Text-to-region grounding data
· · · · · · ·

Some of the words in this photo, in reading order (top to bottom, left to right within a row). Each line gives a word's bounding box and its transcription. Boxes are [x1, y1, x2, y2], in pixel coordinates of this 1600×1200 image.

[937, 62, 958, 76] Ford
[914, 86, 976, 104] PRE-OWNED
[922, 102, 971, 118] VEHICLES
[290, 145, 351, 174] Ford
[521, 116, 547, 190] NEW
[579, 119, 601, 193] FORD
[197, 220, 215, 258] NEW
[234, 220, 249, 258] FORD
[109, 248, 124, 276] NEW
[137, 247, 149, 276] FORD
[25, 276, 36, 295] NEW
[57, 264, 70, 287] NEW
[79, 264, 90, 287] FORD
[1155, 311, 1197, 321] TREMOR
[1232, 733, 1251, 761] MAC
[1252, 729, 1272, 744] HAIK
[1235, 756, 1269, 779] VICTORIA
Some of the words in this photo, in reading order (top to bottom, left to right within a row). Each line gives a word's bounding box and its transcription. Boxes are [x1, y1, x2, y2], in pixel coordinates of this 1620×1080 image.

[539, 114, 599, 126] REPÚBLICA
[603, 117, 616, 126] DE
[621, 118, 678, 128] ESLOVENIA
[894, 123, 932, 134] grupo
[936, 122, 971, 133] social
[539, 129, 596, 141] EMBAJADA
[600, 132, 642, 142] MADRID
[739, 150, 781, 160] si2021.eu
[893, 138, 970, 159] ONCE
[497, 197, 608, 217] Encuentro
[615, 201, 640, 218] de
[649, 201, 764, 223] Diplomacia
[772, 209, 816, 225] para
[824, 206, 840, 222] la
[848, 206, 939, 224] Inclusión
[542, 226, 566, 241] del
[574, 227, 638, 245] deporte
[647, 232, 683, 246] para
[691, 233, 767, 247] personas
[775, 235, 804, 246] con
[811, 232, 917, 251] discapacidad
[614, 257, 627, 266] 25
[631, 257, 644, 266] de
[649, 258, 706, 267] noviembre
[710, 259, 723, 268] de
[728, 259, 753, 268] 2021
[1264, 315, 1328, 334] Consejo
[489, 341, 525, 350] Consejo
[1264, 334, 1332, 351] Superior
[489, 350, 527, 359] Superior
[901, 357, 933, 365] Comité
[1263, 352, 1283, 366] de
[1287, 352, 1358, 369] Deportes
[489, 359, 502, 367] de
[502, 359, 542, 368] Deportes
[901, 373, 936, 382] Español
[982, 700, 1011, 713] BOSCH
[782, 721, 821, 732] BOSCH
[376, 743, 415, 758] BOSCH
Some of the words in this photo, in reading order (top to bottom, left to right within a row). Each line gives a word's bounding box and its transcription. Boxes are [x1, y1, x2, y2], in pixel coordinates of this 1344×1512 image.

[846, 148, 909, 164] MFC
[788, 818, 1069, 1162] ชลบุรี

· · · · · · ·

### EXERCISE OBJECTIVE
All lines starting at the one holding "this 1344×1512 image." and ending at the last line above must be output exactly, and no other line may appear.

### RESULT OF THE EXERCISE
Some of the words in this photo, in reading order (top to bottom, left to right within a row). Each line gives a word's bounding box and its transcription. Boxes are [x1, y1, x2, y2], in pixel coordinates of this 1344×1512 image.

[846, 148, 909, 164] MFC
[788, 818, 1069, 1162] ชลบุรี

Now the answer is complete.